- _WORK TO BE COMPLETED_: Starting at the line that holds "this 1920×1280 image.", transcribe every line to the end of the data exactly; include no other lines.

Segment Open

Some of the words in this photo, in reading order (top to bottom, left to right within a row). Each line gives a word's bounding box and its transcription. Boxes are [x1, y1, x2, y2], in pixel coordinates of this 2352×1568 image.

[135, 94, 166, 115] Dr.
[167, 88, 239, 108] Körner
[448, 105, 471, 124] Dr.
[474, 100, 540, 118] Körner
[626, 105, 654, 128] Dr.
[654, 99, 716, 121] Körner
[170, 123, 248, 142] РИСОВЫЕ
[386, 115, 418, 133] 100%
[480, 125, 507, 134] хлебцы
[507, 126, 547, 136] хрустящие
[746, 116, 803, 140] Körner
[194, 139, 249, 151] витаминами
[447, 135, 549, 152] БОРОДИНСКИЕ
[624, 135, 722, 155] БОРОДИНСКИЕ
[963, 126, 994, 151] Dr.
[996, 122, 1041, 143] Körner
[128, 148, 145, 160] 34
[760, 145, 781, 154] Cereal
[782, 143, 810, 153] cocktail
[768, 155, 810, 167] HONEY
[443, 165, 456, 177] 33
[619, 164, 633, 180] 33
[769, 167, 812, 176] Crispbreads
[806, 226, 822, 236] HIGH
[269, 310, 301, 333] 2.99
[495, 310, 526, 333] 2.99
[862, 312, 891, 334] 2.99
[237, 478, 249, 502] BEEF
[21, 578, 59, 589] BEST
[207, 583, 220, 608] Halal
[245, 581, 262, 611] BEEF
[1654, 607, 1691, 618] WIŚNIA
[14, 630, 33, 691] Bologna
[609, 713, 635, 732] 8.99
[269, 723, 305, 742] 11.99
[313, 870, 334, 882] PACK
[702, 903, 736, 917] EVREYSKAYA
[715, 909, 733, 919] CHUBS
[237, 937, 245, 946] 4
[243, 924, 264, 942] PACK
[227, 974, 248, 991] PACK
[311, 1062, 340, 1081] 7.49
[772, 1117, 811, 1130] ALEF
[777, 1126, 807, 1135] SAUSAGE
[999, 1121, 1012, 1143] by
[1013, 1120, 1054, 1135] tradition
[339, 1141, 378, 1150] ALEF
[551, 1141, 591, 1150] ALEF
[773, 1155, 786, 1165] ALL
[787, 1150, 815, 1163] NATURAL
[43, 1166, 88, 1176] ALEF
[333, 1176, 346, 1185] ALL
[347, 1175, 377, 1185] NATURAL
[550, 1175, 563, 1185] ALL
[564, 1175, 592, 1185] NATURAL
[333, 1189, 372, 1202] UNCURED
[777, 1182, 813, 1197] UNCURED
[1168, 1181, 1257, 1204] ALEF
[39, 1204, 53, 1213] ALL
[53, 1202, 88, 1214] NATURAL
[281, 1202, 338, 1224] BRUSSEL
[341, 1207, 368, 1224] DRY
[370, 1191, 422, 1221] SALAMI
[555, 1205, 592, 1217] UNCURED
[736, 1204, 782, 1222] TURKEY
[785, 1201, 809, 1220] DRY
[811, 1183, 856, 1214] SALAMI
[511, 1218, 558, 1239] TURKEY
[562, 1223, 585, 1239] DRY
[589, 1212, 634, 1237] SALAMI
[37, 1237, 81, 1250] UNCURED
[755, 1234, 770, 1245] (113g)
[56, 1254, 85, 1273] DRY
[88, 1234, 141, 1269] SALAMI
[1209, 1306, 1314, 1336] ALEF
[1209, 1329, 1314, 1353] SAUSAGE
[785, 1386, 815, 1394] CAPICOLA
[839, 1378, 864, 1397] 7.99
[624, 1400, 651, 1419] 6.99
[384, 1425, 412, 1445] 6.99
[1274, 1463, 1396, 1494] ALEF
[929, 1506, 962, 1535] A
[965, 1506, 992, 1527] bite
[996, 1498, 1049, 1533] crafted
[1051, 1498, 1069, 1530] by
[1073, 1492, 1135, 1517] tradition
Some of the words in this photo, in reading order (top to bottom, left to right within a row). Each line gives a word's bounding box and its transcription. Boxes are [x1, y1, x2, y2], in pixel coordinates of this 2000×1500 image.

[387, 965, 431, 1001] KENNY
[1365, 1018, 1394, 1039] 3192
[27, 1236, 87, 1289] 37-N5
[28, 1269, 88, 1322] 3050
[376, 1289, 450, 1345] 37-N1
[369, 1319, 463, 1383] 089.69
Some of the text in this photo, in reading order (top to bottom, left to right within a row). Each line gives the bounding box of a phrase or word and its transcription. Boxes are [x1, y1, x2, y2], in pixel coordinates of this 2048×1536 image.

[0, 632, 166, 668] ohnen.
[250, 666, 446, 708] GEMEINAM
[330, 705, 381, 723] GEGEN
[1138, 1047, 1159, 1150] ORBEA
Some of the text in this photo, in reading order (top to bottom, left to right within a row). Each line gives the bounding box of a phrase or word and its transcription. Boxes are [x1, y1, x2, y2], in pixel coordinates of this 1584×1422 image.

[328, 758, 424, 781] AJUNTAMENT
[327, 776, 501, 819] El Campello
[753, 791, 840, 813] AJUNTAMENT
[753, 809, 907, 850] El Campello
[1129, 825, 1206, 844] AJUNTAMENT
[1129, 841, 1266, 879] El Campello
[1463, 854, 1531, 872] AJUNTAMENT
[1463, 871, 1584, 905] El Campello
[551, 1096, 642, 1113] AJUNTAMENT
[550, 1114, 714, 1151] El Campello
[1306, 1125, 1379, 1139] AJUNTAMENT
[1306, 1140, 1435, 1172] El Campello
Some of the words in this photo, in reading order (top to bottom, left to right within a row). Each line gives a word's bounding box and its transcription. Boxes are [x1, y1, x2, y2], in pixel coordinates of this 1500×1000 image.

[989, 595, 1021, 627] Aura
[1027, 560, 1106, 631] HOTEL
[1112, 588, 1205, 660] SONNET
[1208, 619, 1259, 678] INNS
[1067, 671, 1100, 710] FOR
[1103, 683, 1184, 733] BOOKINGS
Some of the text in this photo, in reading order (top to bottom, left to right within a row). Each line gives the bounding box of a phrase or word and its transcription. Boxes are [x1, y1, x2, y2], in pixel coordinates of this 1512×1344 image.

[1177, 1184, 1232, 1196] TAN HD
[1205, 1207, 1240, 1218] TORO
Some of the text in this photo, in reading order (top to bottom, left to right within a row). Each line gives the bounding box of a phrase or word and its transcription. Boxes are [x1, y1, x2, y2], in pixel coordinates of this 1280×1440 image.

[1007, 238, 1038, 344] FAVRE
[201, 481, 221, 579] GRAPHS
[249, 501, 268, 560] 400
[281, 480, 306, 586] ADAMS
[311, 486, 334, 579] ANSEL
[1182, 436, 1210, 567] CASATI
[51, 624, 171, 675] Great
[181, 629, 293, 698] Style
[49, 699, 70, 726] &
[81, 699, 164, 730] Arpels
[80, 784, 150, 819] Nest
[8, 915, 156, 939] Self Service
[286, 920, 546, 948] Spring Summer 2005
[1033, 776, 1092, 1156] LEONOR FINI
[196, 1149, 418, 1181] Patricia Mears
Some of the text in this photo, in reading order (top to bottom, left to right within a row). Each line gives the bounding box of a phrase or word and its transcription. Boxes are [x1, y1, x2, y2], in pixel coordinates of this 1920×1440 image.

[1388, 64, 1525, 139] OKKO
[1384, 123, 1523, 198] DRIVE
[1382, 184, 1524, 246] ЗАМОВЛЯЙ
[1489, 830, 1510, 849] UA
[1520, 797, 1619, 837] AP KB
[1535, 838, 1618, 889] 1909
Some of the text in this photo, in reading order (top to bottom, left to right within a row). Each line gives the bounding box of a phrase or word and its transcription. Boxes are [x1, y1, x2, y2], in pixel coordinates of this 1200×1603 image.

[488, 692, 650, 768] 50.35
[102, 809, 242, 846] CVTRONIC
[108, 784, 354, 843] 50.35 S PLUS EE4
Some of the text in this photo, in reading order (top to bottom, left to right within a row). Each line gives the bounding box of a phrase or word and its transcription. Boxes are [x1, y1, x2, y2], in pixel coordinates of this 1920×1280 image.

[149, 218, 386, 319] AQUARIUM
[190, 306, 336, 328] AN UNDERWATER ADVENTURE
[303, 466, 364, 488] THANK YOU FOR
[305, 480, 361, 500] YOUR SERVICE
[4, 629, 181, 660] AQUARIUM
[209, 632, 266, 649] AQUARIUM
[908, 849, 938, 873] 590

Segment Closed

- _TASK RESPONSE_:
Some of the text in this photo, in reading order (top to bottom, left to right within a row). Each line gives the bounding box of a phrase or word and its transcription. Boxes are [x1, y1, x2, y2], in pixel coordinates of this 1920×1280 image.

[149, 218, 386, 319] AQUARIUM
[190, 306, 336, 328] AN UNDERWATER ADVENTURE
[303, 466, 364, 488] THANK YOU FOR
[305, 480, 361, 500] YOUR SERVICE
[4, 629, 181, 660] AQUARIUM
[209, 632, 266, 649] AQUARIUM
[908, 849, 938, 873] 590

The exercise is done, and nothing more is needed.